Table 3 reveals that the re-organized five sub-elements (Taiwan model) could explain 70% variability of the overall responsiveness score, the respondents' general impression to the non-health enhancing performance of the health system in Taiwan. This satisfactory result means that an equally accurate representation of responsiveness in Taiwan can be made using a revised WHO composite index (five sub-element scores) identified in this empirical study. Accompanied with two aforementioned components suggested by focus-group participants, we may thus propose a modified structure to define dimensions of responsiveness from Taiwanese perspectives. The element "respect for persons" should consist of three important factors (Respect, Confidentiality and Medical Ethics). However, the element "client orientation" should include four essential components (Access, Communication, Social Support and Basic Amenities). Of course, this proposed model requires further confirmation to validate its appropriateness in evaluating responsiveness in Taiwan. A related questionnaire has been revised and developed accordingly, and a national representative survey is also planned to carry out to solicit user view on responsiveness.


When we hypothesize new perspectives of responsiveness based on this empirical study, we do not intend to declare such a measure as a universal standard.
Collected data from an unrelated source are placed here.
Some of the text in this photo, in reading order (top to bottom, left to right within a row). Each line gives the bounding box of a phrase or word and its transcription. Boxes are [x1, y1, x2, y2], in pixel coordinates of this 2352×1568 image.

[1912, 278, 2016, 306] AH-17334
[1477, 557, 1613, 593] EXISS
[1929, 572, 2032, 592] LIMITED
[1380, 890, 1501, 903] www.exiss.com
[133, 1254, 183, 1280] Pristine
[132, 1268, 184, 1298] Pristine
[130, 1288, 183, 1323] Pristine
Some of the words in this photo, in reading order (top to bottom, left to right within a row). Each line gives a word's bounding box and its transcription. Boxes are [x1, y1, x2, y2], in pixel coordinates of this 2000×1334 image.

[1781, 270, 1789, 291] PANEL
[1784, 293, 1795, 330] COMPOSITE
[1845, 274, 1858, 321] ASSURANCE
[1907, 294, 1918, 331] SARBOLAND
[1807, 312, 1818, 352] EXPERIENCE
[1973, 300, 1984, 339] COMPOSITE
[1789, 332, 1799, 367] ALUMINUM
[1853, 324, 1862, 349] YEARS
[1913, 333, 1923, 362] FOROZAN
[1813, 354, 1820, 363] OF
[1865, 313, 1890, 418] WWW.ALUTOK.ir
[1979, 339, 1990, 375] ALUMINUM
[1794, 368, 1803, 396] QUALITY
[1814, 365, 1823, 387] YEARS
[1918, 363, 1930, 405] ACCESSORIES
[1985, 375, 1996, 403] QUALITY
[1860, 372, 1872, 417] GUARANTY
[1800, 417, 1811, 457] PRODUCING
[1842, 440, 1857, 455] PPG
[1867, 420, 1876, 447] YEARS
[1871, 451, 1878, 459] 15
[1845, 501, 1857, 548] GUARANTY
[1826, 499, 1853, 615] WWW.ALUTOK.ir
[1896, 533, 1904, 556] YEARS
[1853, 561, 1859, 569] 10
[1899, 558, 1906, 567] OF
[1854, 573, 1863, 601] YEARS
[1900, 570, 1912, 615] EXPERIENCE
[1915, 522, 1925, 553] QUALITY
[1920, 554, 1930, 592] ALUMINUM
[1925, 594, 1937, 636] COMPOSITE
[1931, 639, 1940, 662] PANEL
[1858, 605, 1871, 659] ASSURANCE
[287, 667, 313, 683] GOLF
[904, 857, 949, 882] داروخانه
Rather, the implication of the findings asks for the recognition of the value of culture-specific aspects from different health systems when we conduct an international comparative research on quality of health care. As Groenewegen and colleagues demonstrated in their study [22], health care users in different countries usually have different ranking regards to the importance of various aspects of health care. We have to acknowledge this variation and respect both the actual experiences of people with different aspects of their health systems and the values they attach to these aspects. When the experienced responsiveness is compared internationally, the values that people attach to different aspects of health system should be estimated and hopefully the responsiveness could then be weighted by these culturally determined values.